§ **Aim of the exercise**
An exact copy of the records is required, minus the pictures they hold.
-- Data supplied follows --
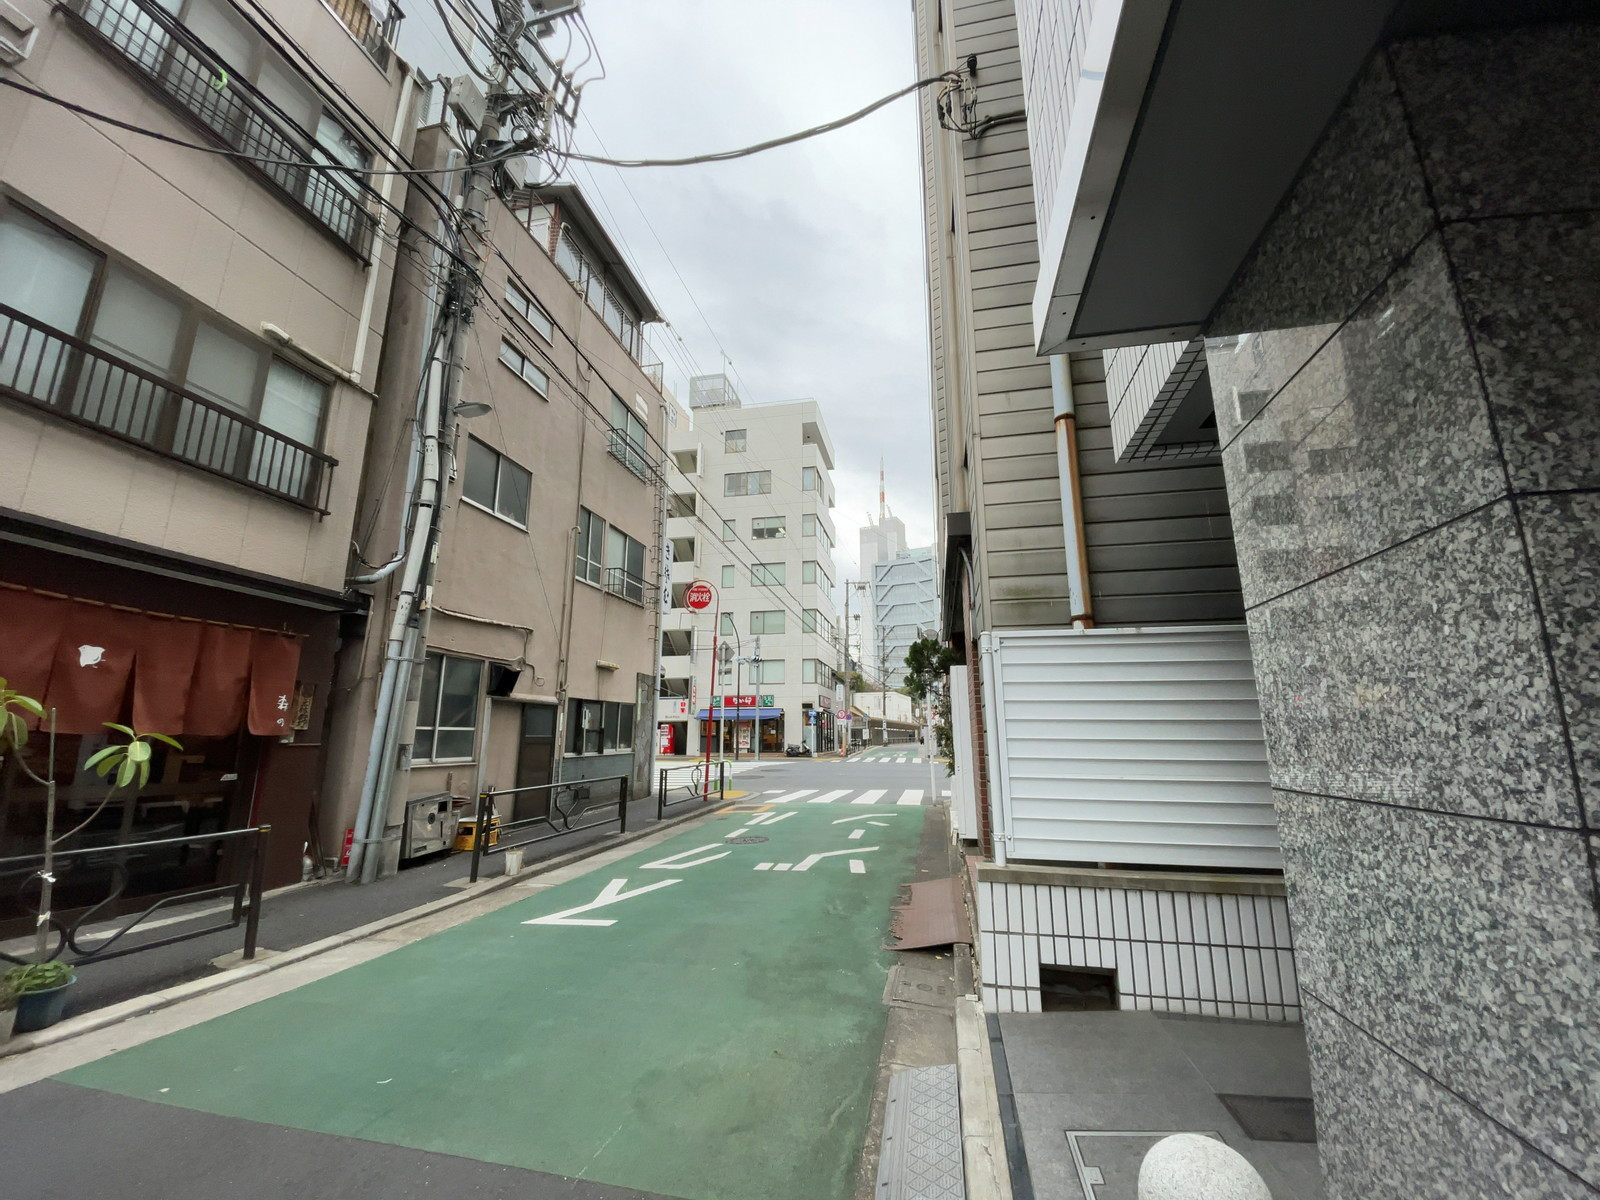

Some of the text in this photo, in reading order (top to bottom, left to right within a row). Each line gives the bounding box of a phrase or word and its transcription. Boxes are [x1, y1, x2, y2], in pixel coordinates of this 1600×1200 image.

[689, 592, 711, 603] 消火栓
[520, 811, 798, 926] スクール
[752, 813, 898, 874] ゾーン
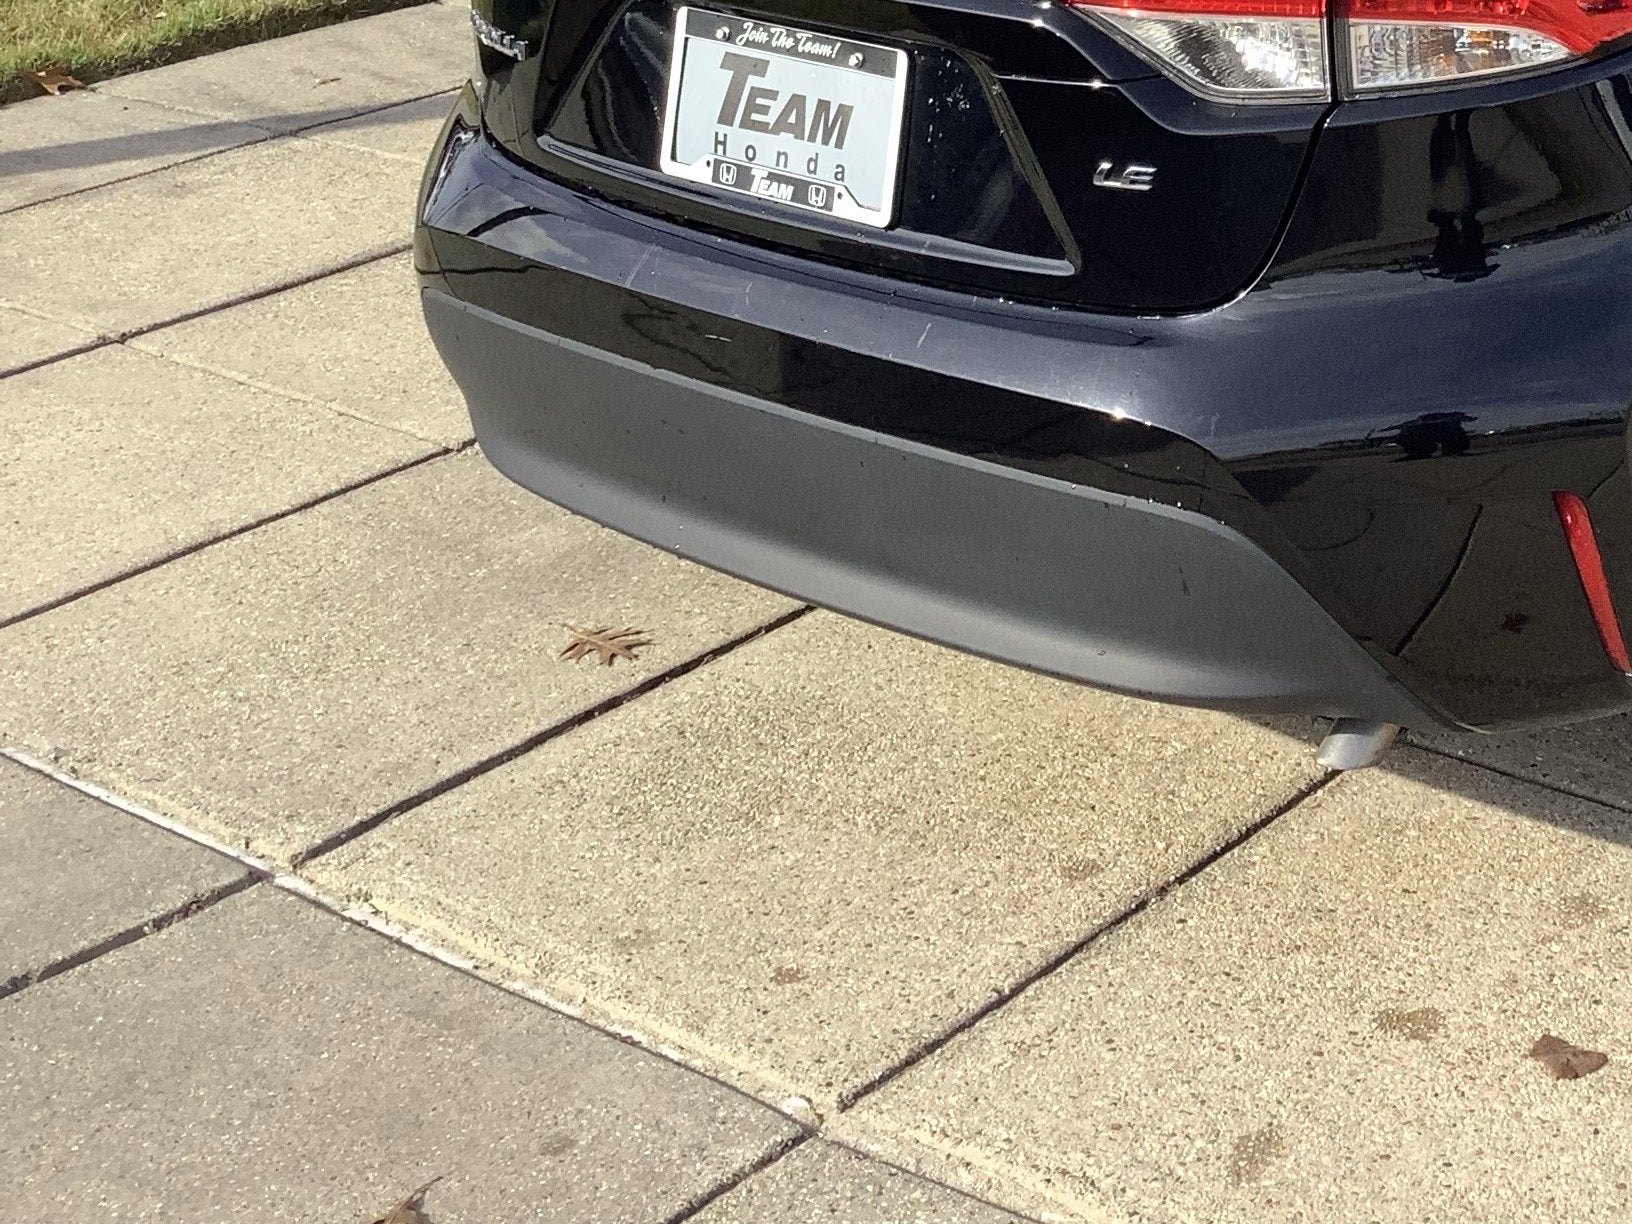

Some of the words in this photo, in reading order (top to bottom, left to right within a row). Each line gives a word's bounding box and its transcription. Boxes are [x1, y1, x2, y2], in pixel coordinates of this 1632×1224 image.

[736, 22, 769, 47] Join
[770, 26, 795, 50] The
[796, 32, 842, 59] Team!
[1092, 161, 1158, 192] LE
-- Data supplied concluded --
§ **Response to the exercise**
Some of the text in this photo, in reading order (top to bottom, left to right within a row). Each line gives the bounding box of a phrase or word and its transcription. Boxes are [x1, y1, x2, y2], in pixel coordinates of this 1600×1200 image.

[689, 592, 711, 603] 消火栓
[520, 811, 798, 926] スクール
[752, 813, 898, 874] ゾーン

Some of the words in this photo, in reading order (top to bottom, left to right within a row). Each line gives a word's bounding box and its transcription. Boxes are [x1, y1, x2, y2], in pixel coordinates of this 1632×1224 image.

[736, 22, 769, 47] Join
[770, 26, 795, 50] The
[796, 32, 842, 59] Team!
[1092, 161, 1158, 192] LE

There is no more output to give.